10 Things to Remember When a Practitioner is Triggering

The next wave of whistleblowing is going to be piercing for people in my field, and it is the number of people who have experienced triggering practitioners. I know so many people in my own recovery circles who had their trauma re-magnified by their therapists. I know so many women who will not go to a doctor for fear of authority and abandonment. Sometimes it is through no fault of the practitioner in question, sometimes it is direct abuse, but most often, it’s for lack of genuine trauma information.

My own experience just the other day was not quite as grave as a mental or physical health professional, but happened after a reiki session (like my own client said recently, I’m willing to try anything once). It took about 24 hours for me to release and soothe the buzzing in my body, like the rage that follows a come down. If you have been triggered by a practitioner in a wellness (or any) field, you know that under the hot anger (or any expression, there are many, mine is the classic Fight response) is blood-cold panic as you desperately try to reclaim safety in your body that in the traumatized side of your mind you fear you will never really find.

These 10 things to remember are part of my own self-regulation practice that I hope will help you as much as they continue to help me:

  1. This response is self protective. I know a trigger can feel like a defect, and can come with its own compounding shame and embarrassment. It’s easy to think I should be past this or This shouldn’t hurt me. But our nervous system is built into us for protection. Yours might work overtime, but it’s a sign, fundamentally, that you are worth protecting.

  2. Your emotion is valid. Before you jump into the mental balancing act of whether you are overreacting, your emotion is valid. You are triggered because you don’t feel safe in this situation; that is not a problem with you.

  3. No one knows your body or experience better than you do. Every field of study has authorities. Doctors spend years in med school to become authorities on treatment and pathology. That can be incredibly helpful in sorting through and navigating your experience, but it does not override your experience.
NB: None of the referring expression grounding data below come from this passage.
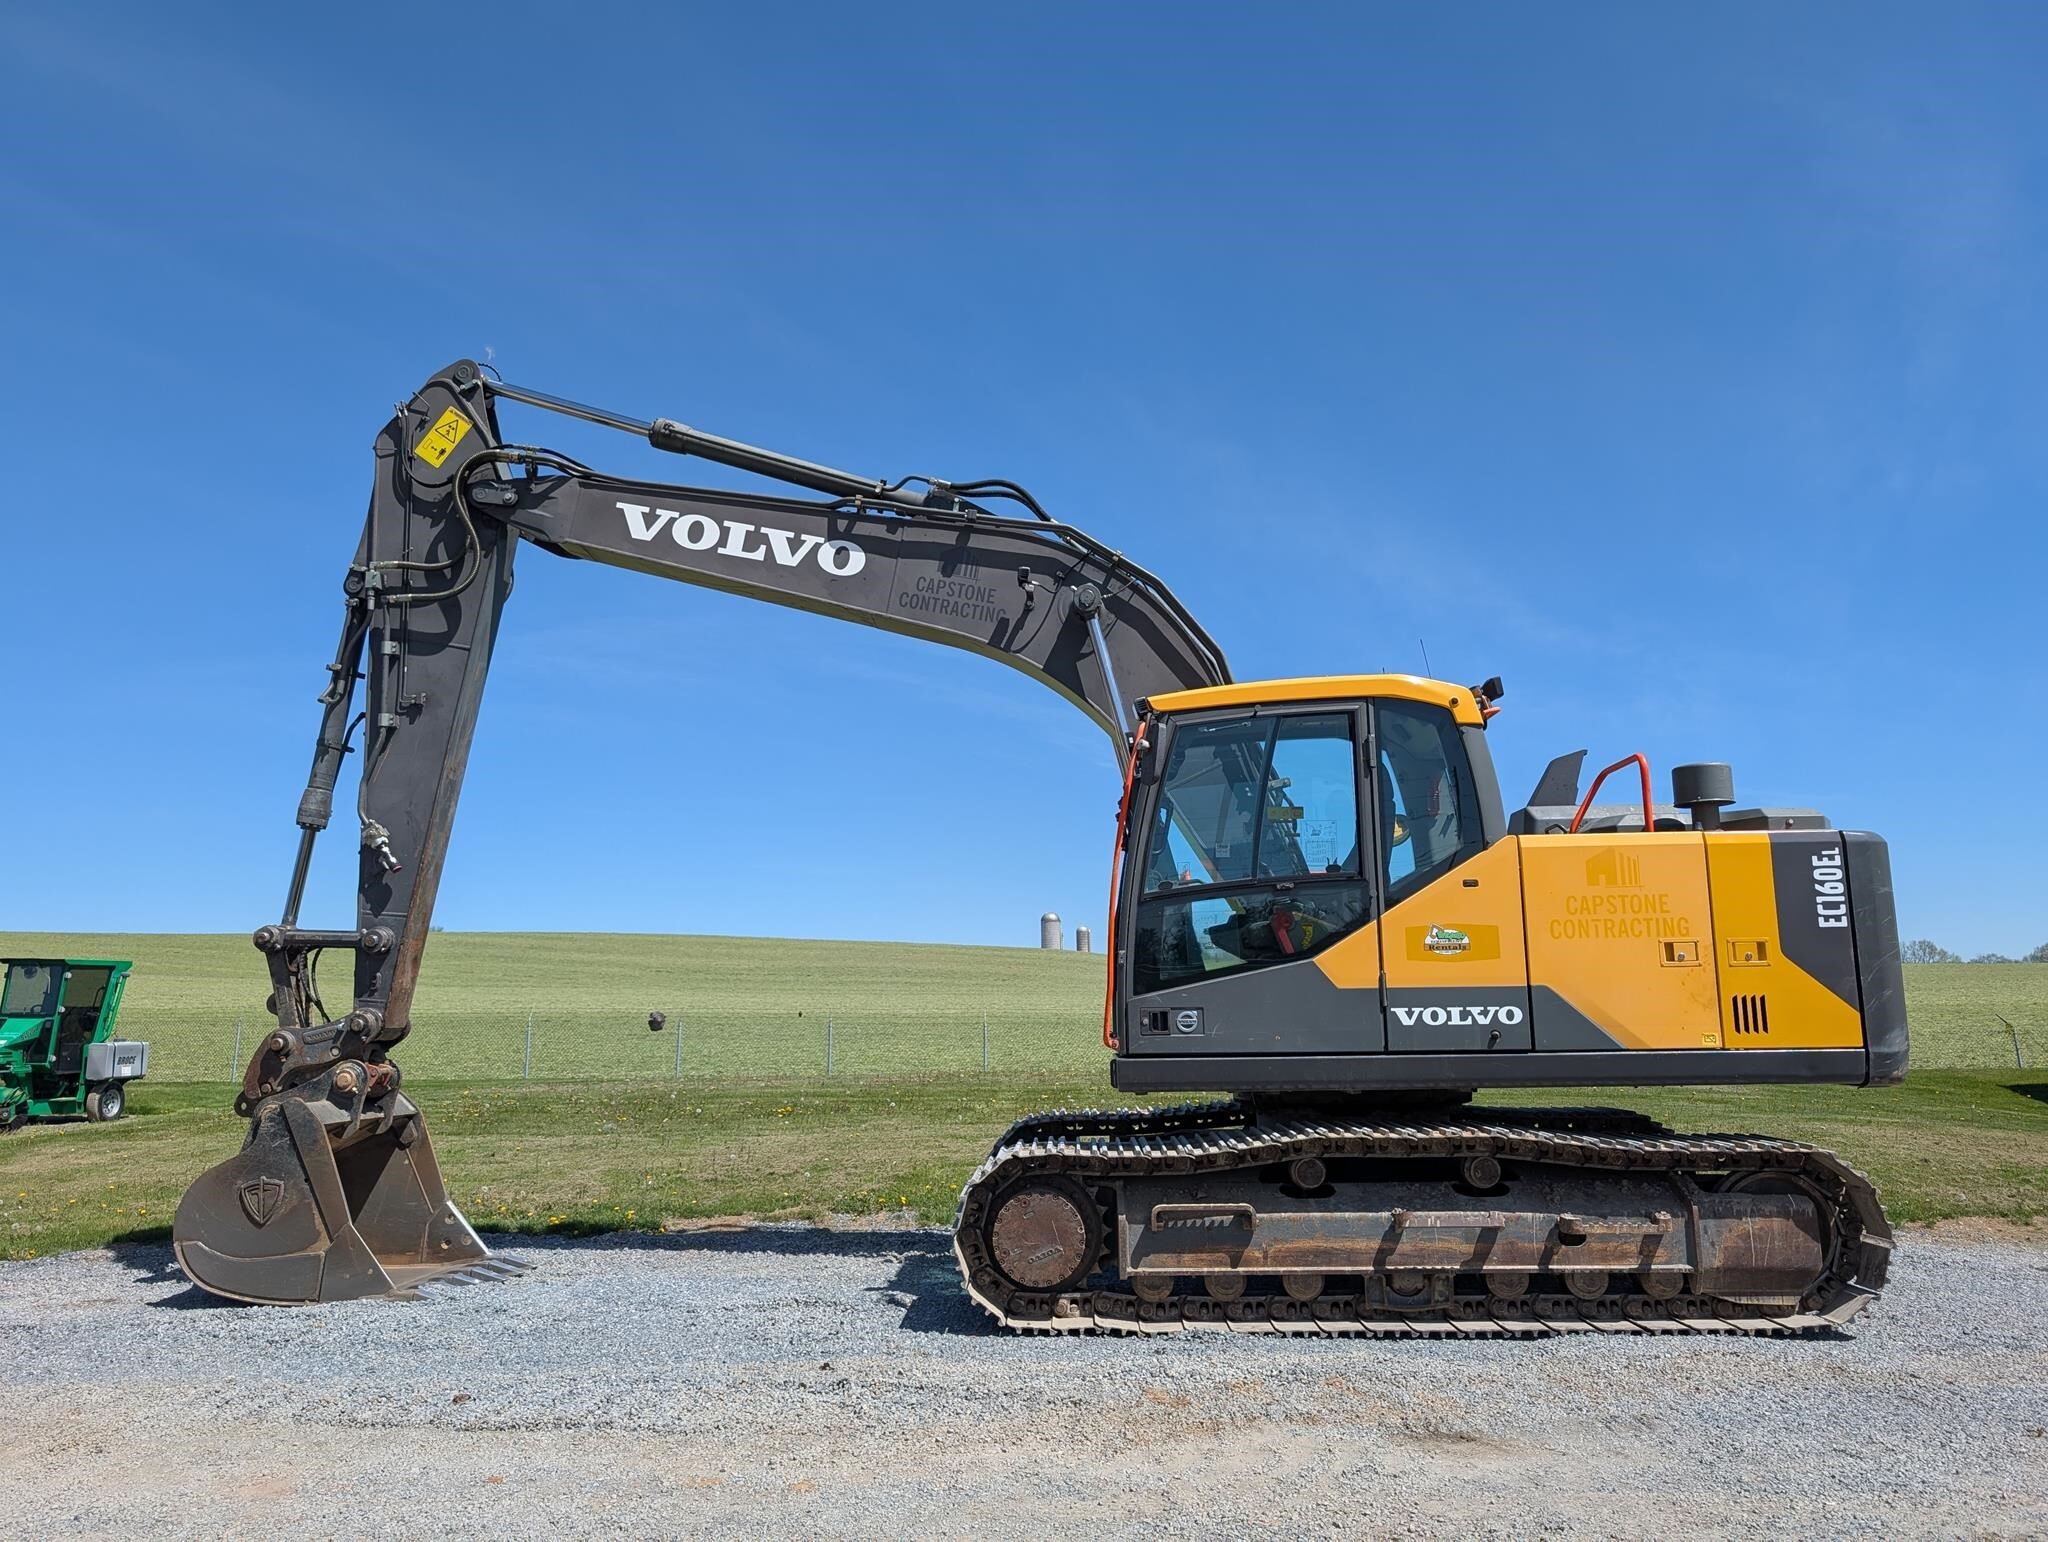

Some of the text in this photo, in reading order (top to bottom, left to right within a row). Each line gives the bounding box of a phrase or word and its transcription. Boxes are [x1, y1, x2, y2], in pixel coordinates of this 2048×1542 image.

[615, 502, 866, 577] VOLVO
[916, 576, 998, 604] CAPSTONE
[1811, 847, 1848, 928] EC160EL
[1566, 894, 1670, 916] CAPSTONE
[1549, 917, 1690, 940] CONTRACTING
[1390, 1006, 1523, 1026] VOLVO
You are the authority on your experience.

  4. You can restore connection. The reason negative experiences with other people can be so overwhelmingly painful is because from infancy we have always needed other people. A loss of connection is a threat to our most primal need. Trauma enforces this fear of loss into us as part of survival. It can make us codependent, or it can make us suffer in chronic isolation. But you can restore connection. Nothing is lost forever, especially not you.
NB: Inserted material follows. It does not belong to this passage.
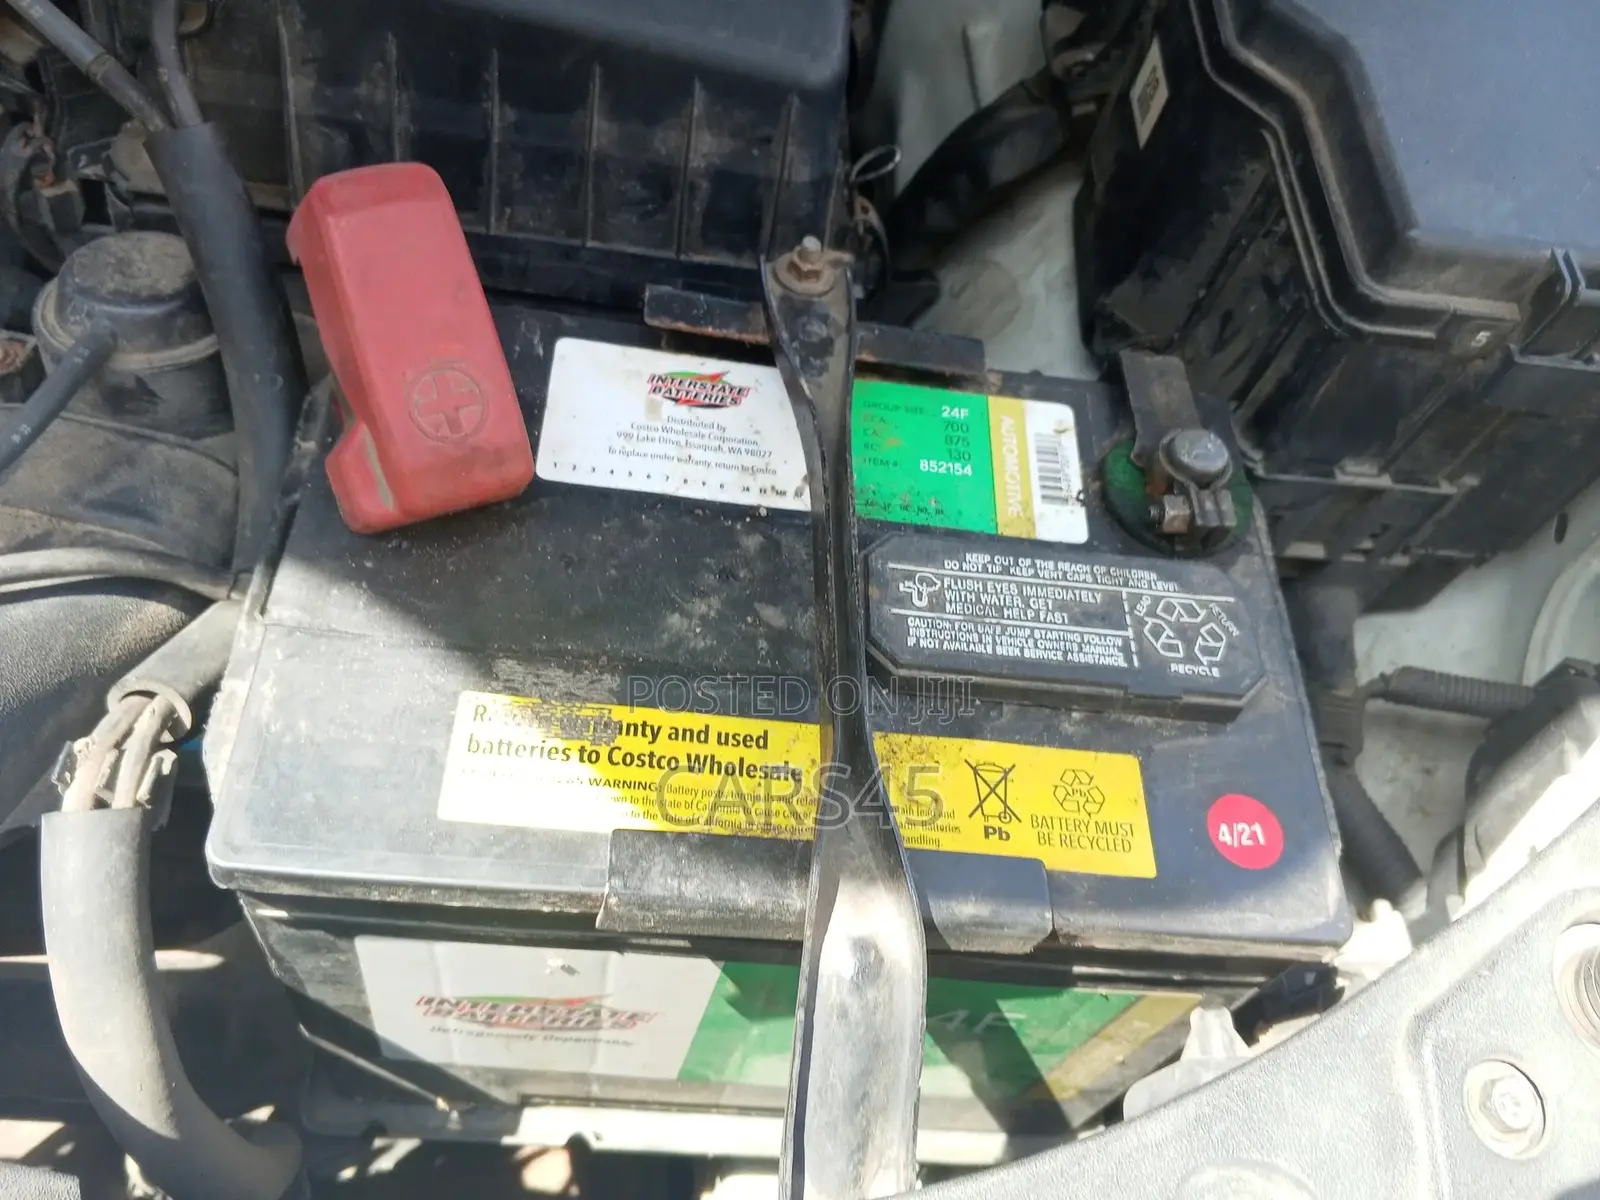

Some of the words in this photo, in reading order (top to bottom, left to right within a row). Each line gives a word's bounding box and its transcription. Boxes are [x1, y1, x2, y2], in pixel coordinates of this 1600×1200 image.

  5. You deserve (and will find) a practitioner who hears and supports you. Despite the number of regulatory bodies in place to prevent this, not everyone is good at their job. This includes mental and health care professionals, energy healers, and cab drivers. Not everyone who is good at their job is good for you. You don’t need to stick out a shitty professional relationship to prove something; make like Ariana Grande, thank them (or don’t) and move on. There is a fit for you out there; it’s worth trying one more time, every time.

  6. Emotions pass every 90 seconds. If you can get through a minute and a half, you will start to process the emotion physically. This might sound bizarre, but a little jumping in place will help. (I like to imagine myself in a boxing ring, where I jump and shake out like I’m between rounds, and do some combinations in the air. After 90 seconds, I’ve gotten a micro workout, and moved some of that fight response out of my system.)

  7. Breathe. Every time we engage the parasympathetic nervous system, we recreate safety in our bodies. Give your vagus nerve a tickle with some belly breathing, some humming, maybe some cold exposure. If boxing isn’t for you, a 90 second round of nadi shodhana, or alternate nostril breathing, is a perfect way to bring yourself back to baseline.

  8. Crying releases cortisol. If you, like me, have a problem with post-trigger vulnerability, crying feels like defeat, and defeat feels worse than death. But crying releases stress directly from our eyeballs. It’s okay to cry it out. Laughing is equally helpful: laughter engages the diaphragm, releases oxytocin (the connection hormone), and carries anger out.

  9. The [insert substance here] won’t help. I told about seven different people after my reiki experience, and I’m going to tell you right now: I had never wanted to drink more in my life than I did right then. I also wanted to eat cheese fries, purge cheese fries, go to Target, and dig up dead relatives to shout at them for making me this way. It has been years of very intentional cultivation to be able to resist those urges (all less than healthy modes of self regulation), but in a trigger, they are right there. You might have your own temptations, but the thing that will help most is feeling what you’re feeling.

  10. There is always someone to listen. The phrase “I just need to articulate and validate myself” is a powerful one, because you aren’t just ranting or venting, you are self-healing, and you need some support. Calling a friend, asking them to listen, and stating the above helps create a safe place for you to process, the direct antidote to the triggering experience you had. If you don’t have a friend or fellow traveler to talk to, hotline workers are literally volunteer validators. I’ve reached out several times, and highly recommend. (And they will tell you who to contact in a crisis.)

One last note: this process was not as clean as I was going through it as it is writing it down now. Self regulation can feel chaotic, messy, and a number of things we traumatized don’t want to feel, but if nothing else I hope you recognize you are not alone in your experience, and you know there is support for you within and without.